MASERU — It is one of the ministries with a long name and Moahloli Mphaka, the principal secretary for Trade and Industry, Cooperatives and Marketing, says that alone goes to show it can never be business as usual at the Trade Building in the central business district of Maseru.
In an interview on Monday this week, Mphaka who was appointed to his current position in November last year, emphasised the need to re-engineer the ministry’s activities and put more energy on developing sectors which have immense potential to develop the economy.
He said the government through his ministry promotes creation of local industries and small to medium businesses run by locals in addition to efforts to attract foreign direct investment.
However, he said what was more important for Lesotho was to continue improving the business environment and become a skills-based nation capable of diversifying into potentially lucrative sectors.
The Ministry in collaboration with the World Bank-funded Private Sector Competitiveness Project (PSCP) over a year ago established a one stop business facility and made it easy for investors to register companies under one roof and within a week.
Mphaka said with continued realignment of efforts, more achievements can be made in his ministry.
“What we need is to be realistic when it comes to the development of our approaches. We need to identify in which sectors we can do better, from manufacturing, tourism to agriculture and others. There is need to properly coordinate efforts by ministries and sectors that mutually support each other to ensure we meet our targets. This is why we now have a turnaround strategy of the Basotho Enterprises Development Corporation (Bedco) to meet the demand in the current economic trends, which is more and more innovation in order to grow businesses. Our ultimate goal is to improve the quality of life through significant reduction of poverty.”
He said through efforts by BEDCO and the Lesotho National Development Corporation (LNDC), stimulation of opportunities should continue in order for businesses to move from informal to formal.
“There are benefits to having businesses that are formal. It means an increase in the country’s revenue, which would be used in various developments. It also tells us there is quality production, consistency in supplies, attracting new partnerships, an increase in profits and creation of jobs.”

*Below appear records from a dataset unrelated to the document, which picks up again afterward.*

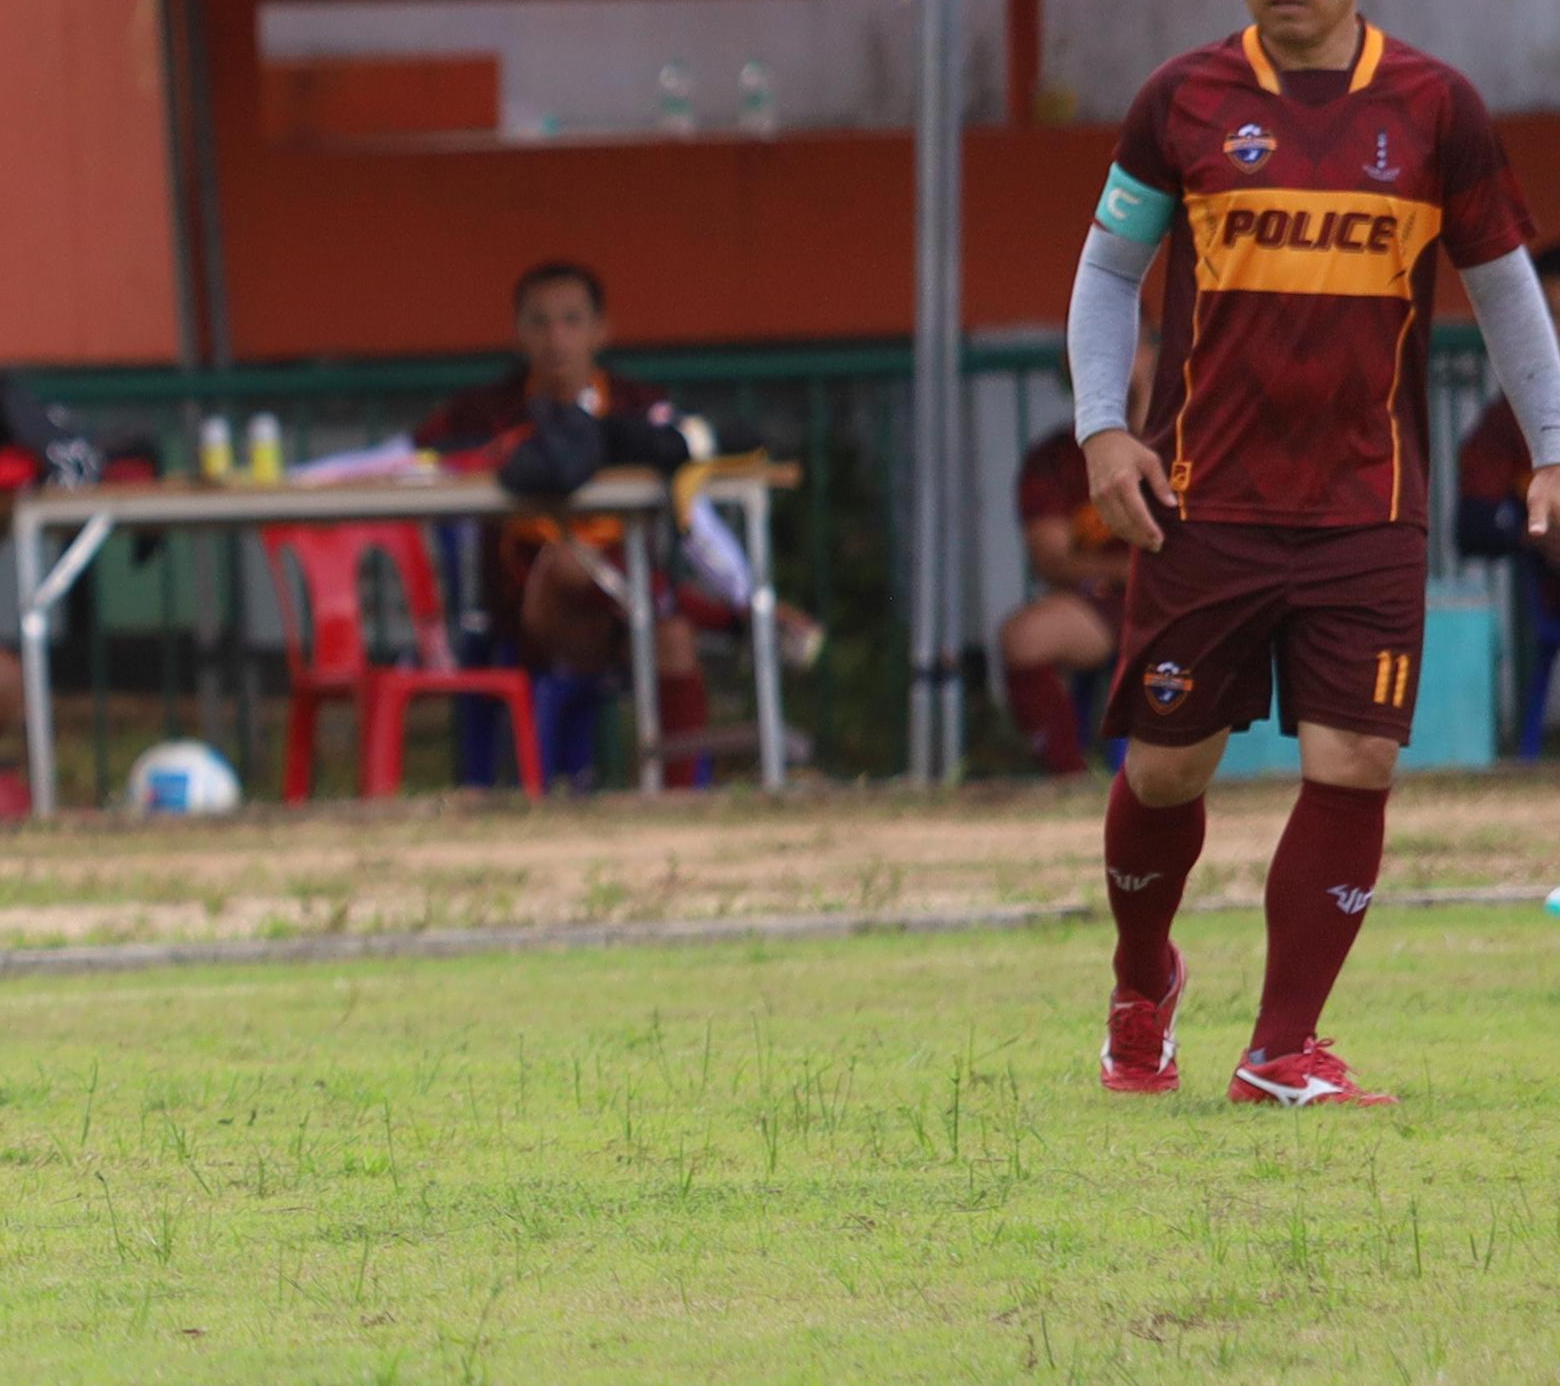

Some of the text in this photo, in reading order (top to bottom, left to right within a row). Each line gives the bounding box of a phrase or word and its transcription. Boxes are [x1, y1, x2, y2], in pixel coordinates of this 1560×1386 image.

[1107, 187, 1140, 220] C
[1223, 209, 1398, 253] POLICE
[1374, 650, 1409, 707] 11
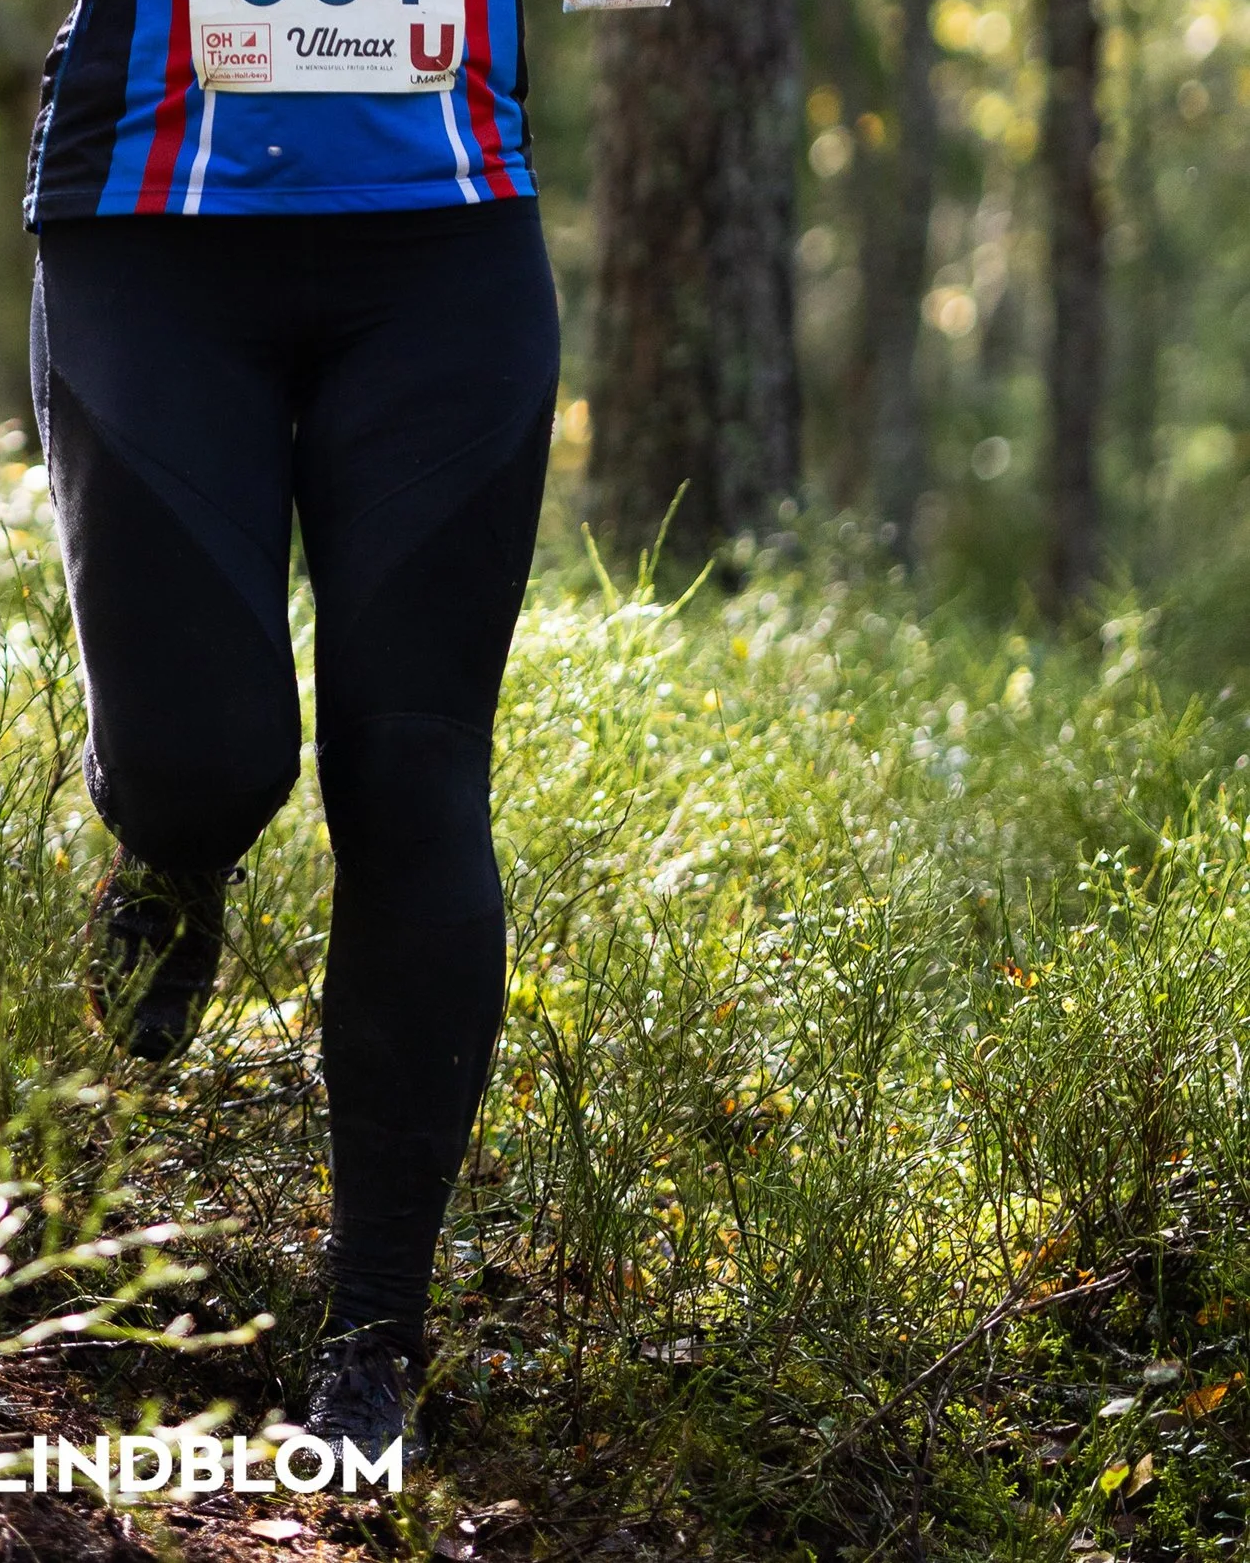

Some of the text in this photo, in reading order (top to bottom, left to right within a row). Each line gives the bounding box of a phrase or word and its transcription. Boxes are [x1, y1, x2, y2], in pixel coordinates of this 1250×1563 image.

[286, 26, 395, 57] Ullmax
[410, 23, 455, 71] U
[207, 50, 268, 65] Tisaren
[410, 74, 446, 84] UMARA
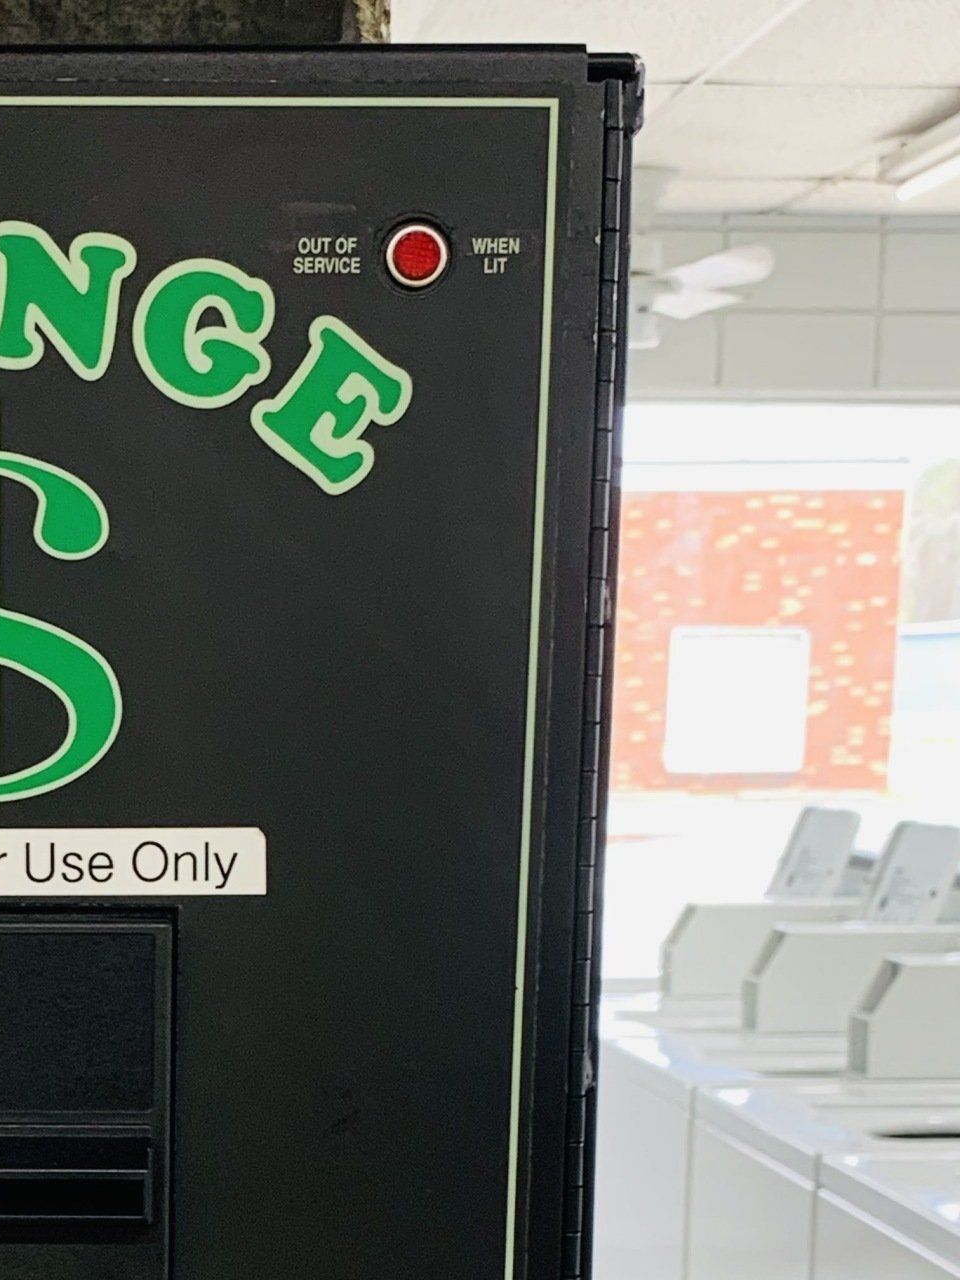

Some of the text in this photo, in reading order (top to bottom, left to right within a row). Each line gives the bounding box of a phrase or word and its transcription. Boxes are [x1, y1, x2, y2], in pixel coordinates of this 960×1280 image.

[298, 237, 357, 254] OUT OF
[472, 237, 520, 254] WHEN
[293, 257, 361, 274] SERVICE
[483, 257, 508, 274] LIT
[24, 841, 114, 884] Use
[131, 840, 238, 890] Only
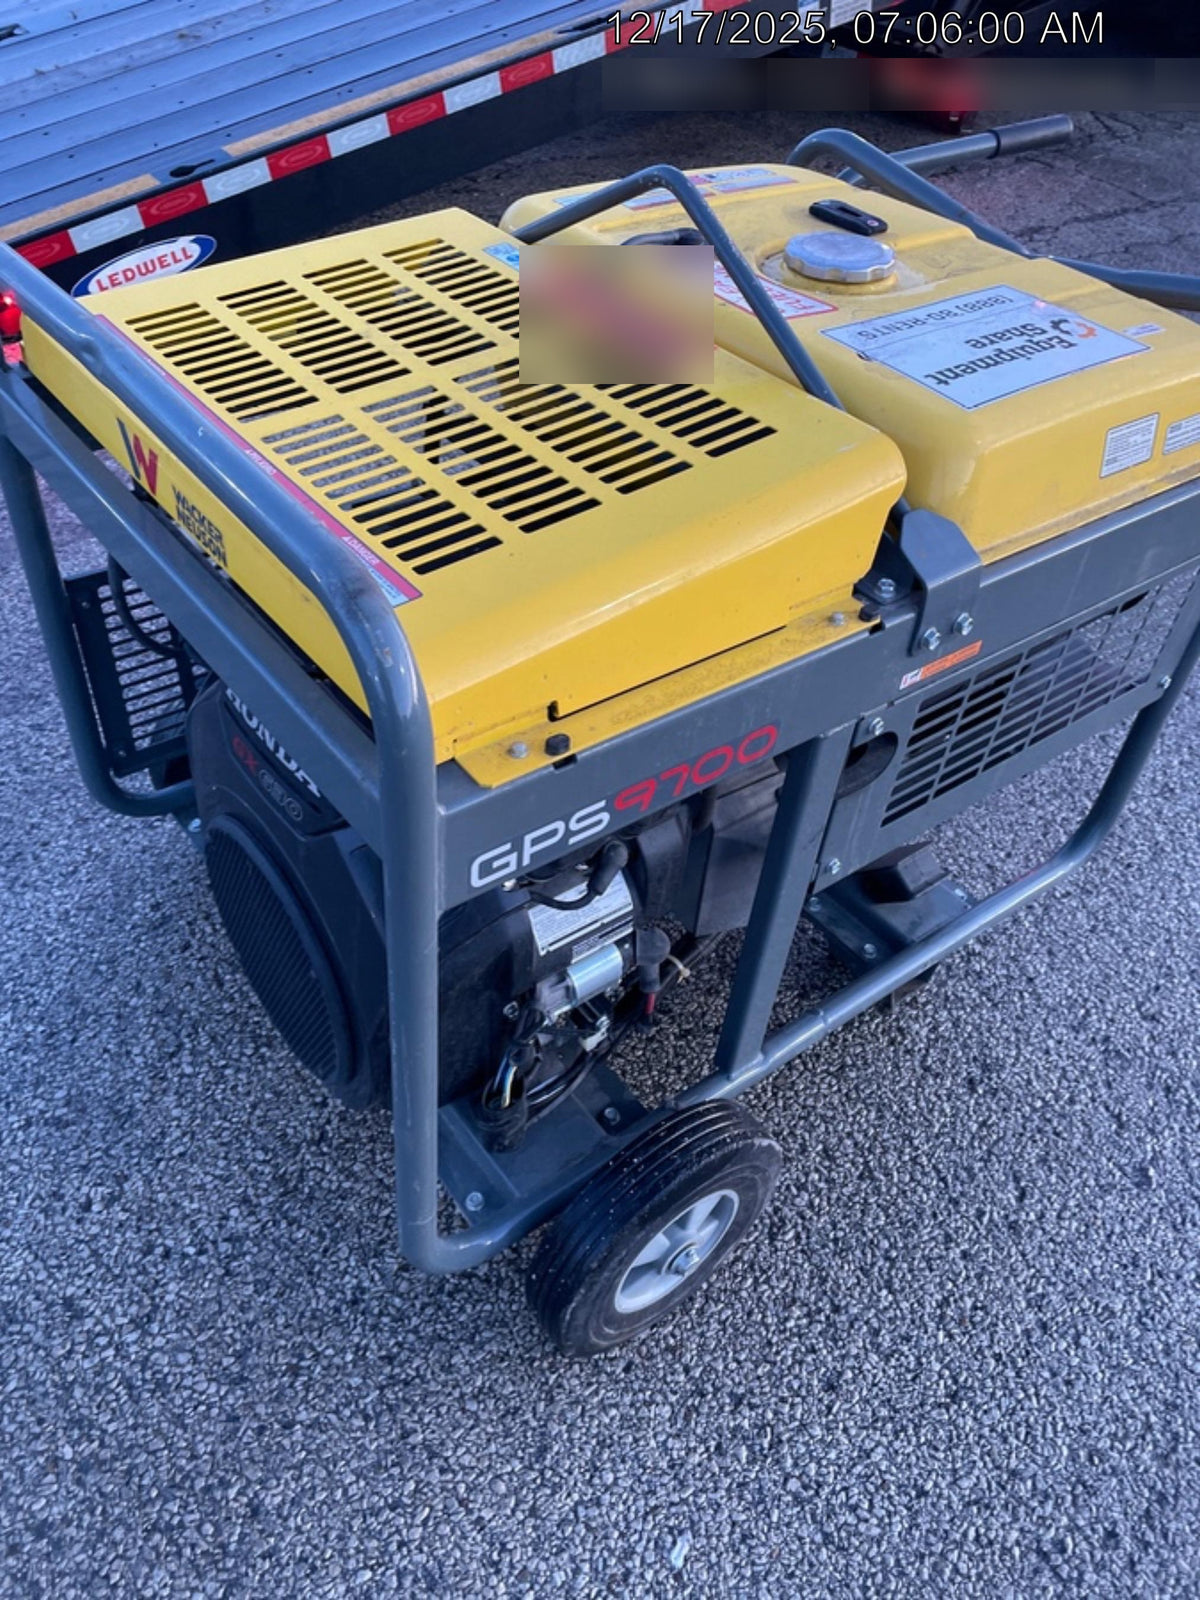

Mphaka said local businesses should take advantage of the benefits that come with sharing borders with South Africa.
“South Africa is a big economy and unless we find ways to position ourselves as a skills-based, competent and capable nation, we will continue to blame our neighbour for our inability to penetrate our own formal markets. We need to “up the competitiveness game” and readjust it when the situation calls for such measures.”
He added also important was to remodel home grown efforts in line with the economic environment.
“We have a history of working together, as communities and families. The concept of cooperatives can help deal with our challenges of business financing. It can also be effective among young skilled people who after graduating from universities can come together and start small businesses.”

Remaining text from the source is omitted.